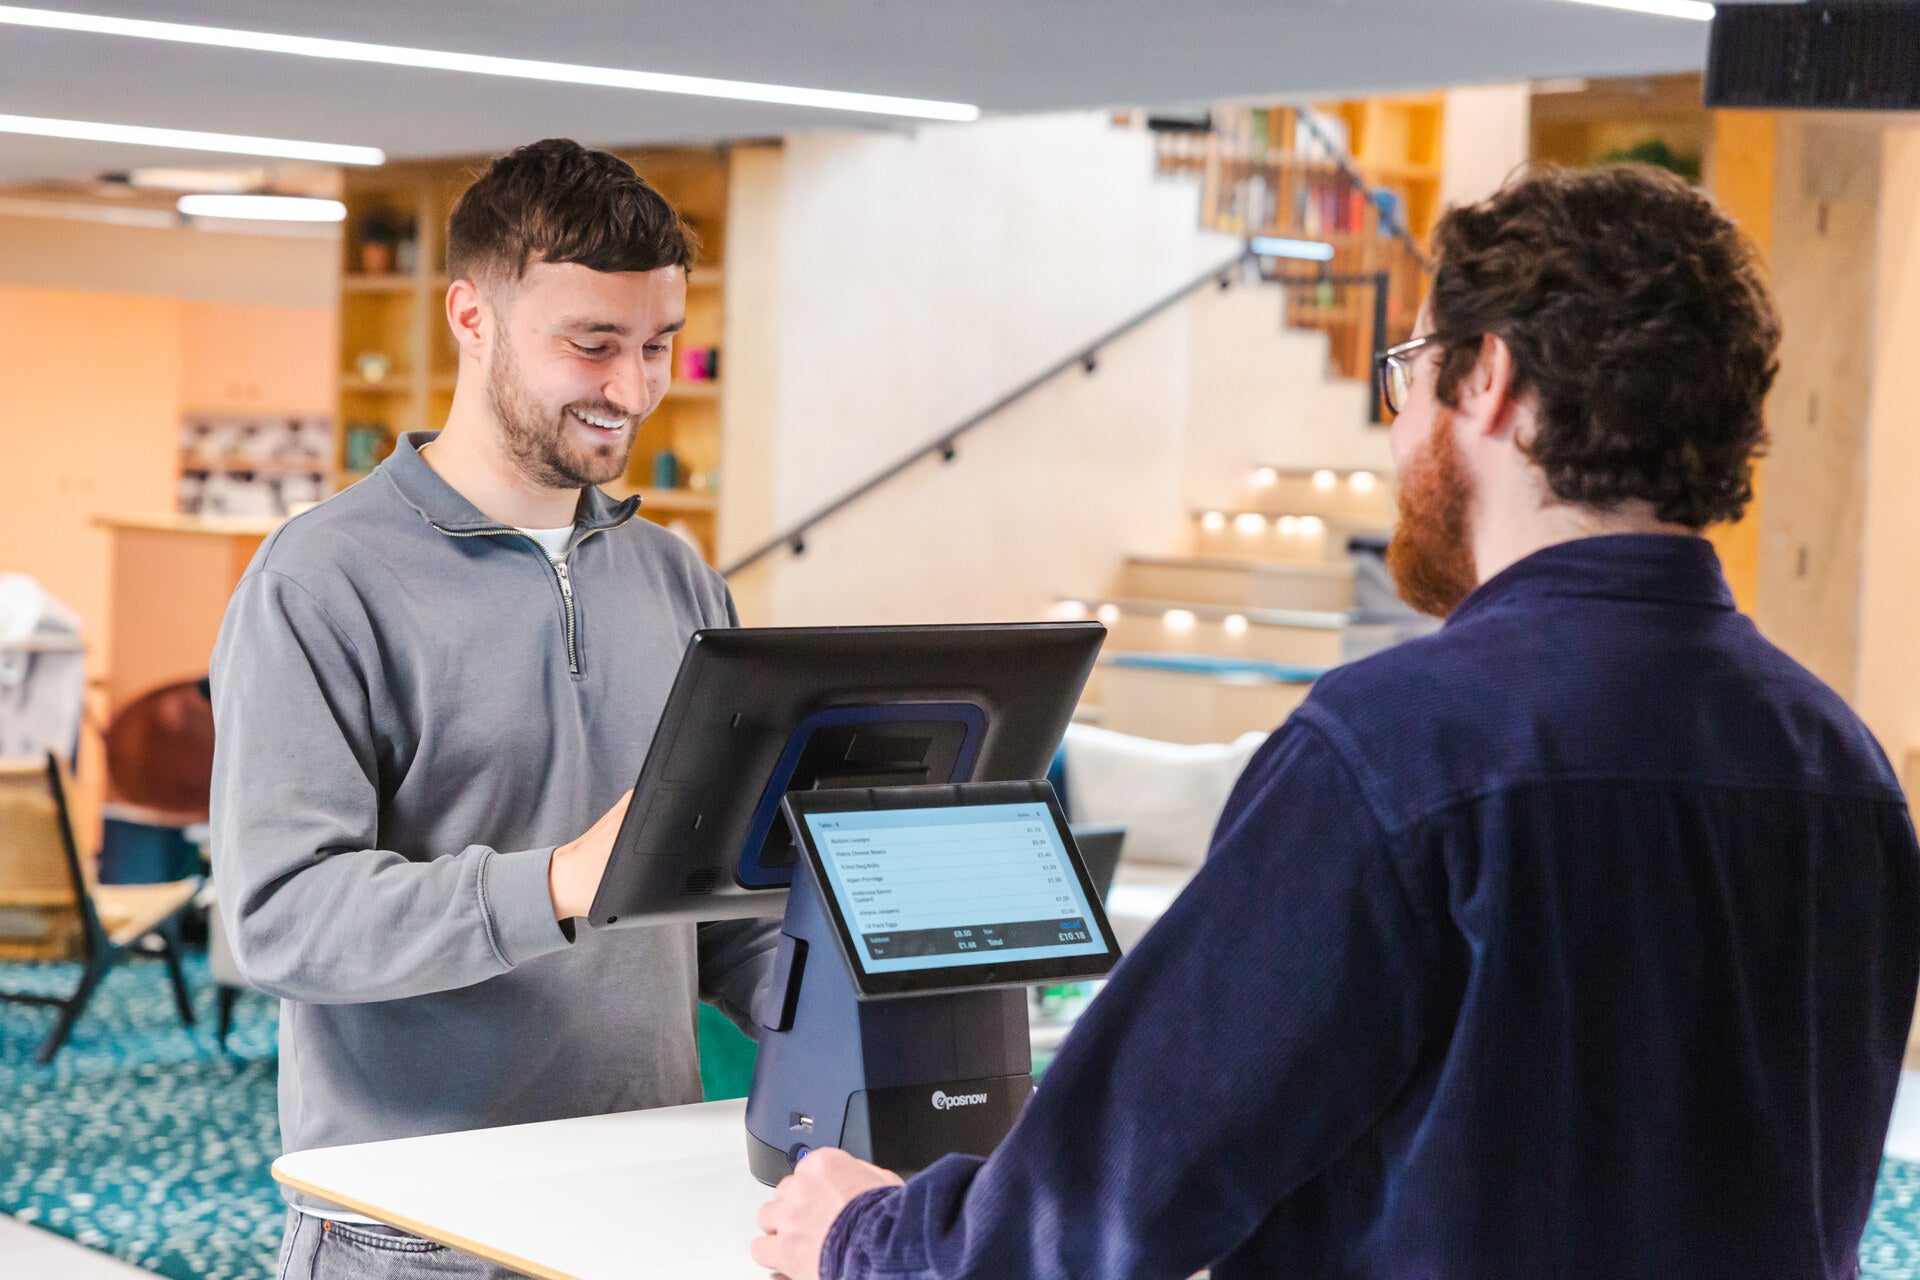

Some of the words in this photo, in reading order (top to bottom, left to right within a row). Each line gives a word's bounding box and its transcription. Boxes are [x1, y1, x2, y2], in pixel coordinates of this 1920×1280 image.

[1058, 931, 1086, 941] £10.18
[987, 938, 1004, 946] Total
[931, 1090, 988, 1110] eposnow
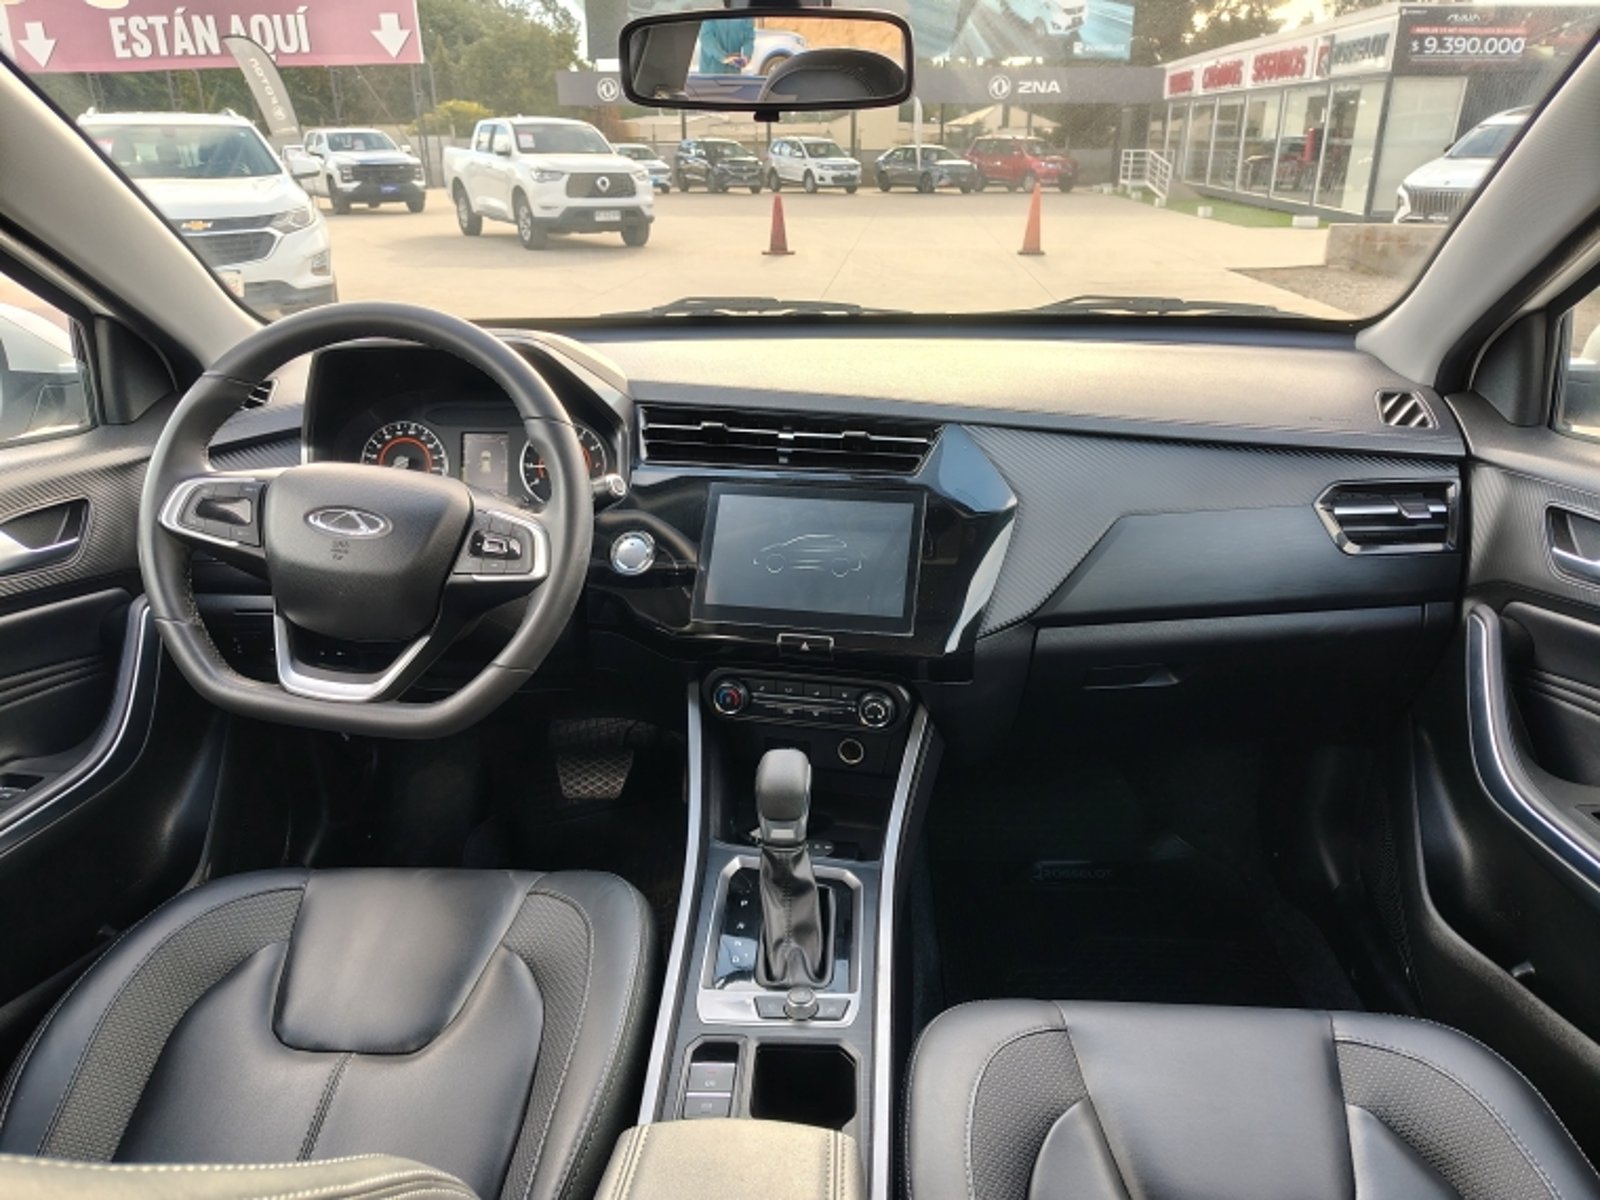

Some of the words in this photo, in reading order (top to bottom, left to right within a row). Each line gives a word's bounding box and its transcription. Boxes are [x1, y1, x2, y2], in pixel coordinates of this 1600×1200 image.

[109, 7, 221, 58] ESTÁN
[1411, 40, 1419, 52] $
[1424, 36, 1526, 54] 9.390.000
[1018, 79, 1061, 94] ZNA
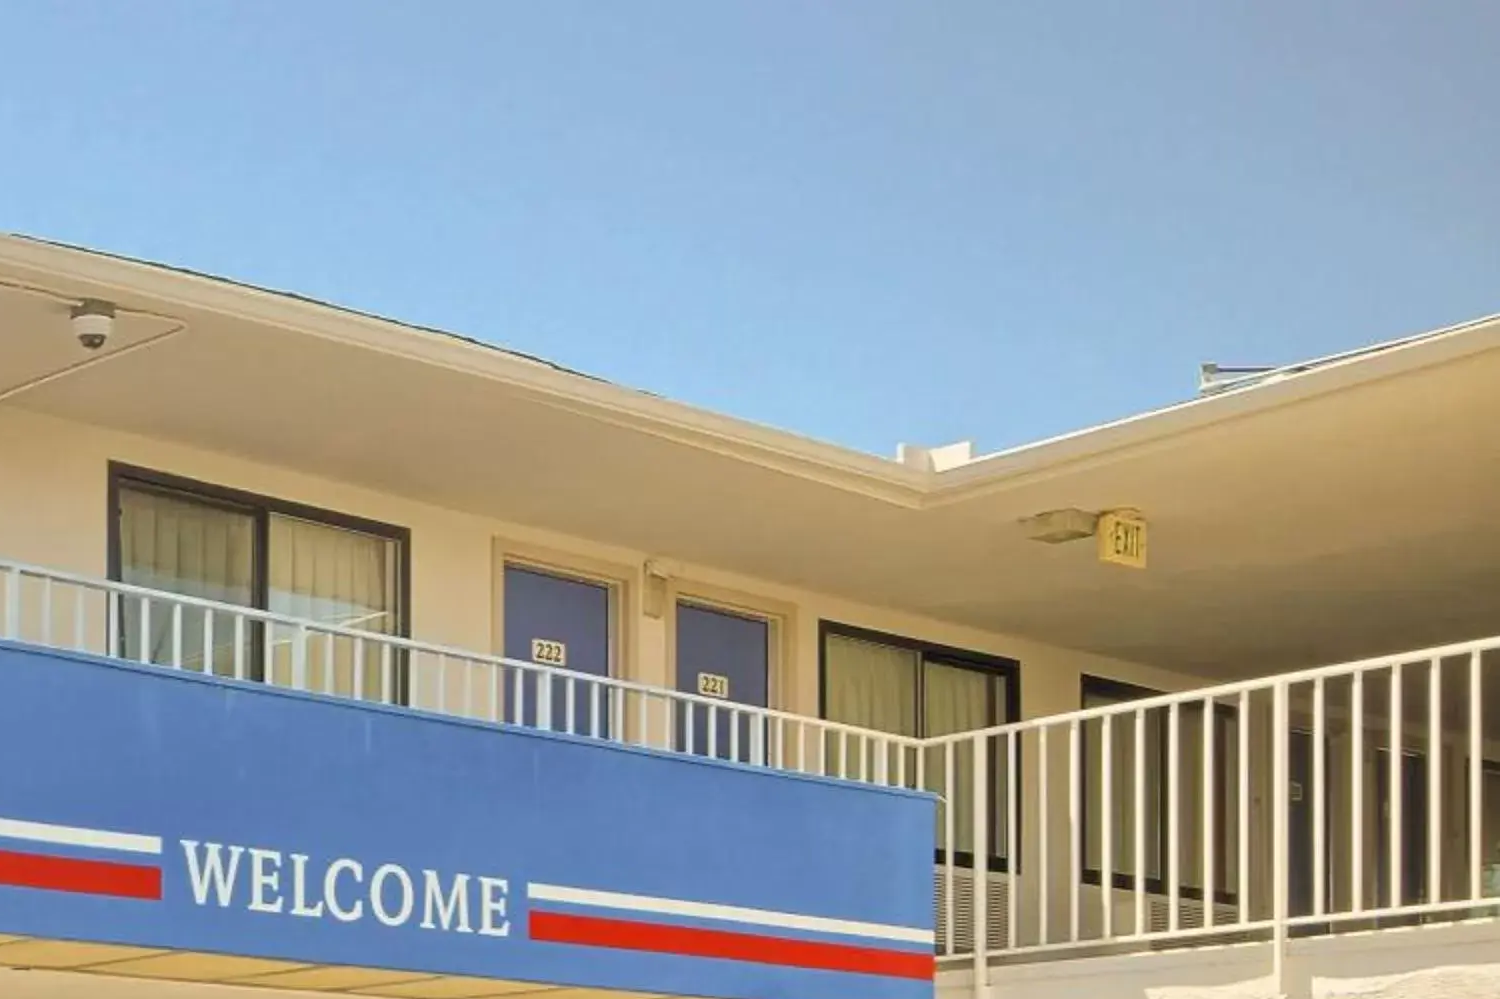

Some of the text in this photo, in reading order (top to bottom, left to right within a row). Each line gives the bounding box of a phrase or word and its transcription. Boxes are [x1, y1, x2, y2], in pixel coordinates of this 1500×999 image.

[1114, 520, 1141, 560] EXIT
[535, 642, 562, 662] 222
[701, 677, 724, 694] 221
[178, 839, 512, 938] WELCOME

*What you have to do*. Without the pictures, write out every entry exactly as it appears.

*Task response*.
Some of the words in this photo, in reading order (top to bottom, left to right within a row). Each line gives a word's bounding box and its transcription. Boxes are [x1, y1, x2, y2], in pixel coordinates of this 1920×1280 image.

[1058, 931, 1086, 941] £10.18
[987, 938, 1004, 946] Total
[931, 1090, 988, 1110] eposnow

Some of the words in this photo, in reading order (top to bottom, left to right within a row). Each line gives a word's bounding box and its transcription. Boxes are [x1, y1, x2, y2], in pixel coordinates of this 1600×1200 image.

[109, 7, 221, 58] ESTÁN
[1411, 40, 1419, 52] $
[1424, 36, 1526, 54] 9.390.000
[1018, 79, 1061, 94] ZNA

Some of the text in this photo, in reading order (top to bottom, left to right within a row). Each line gives the bounding box of a phrase or word and its transcription. Boxes are [x1, y1, x2, y2], in pixel coordinates of this 1500×999 image.

[1114, 520, 1141, 560] EXIT
[535, 642, 562, 662] 222
[701, 677, 724, 694] 221
[178, 839, 512, 938] WELCOME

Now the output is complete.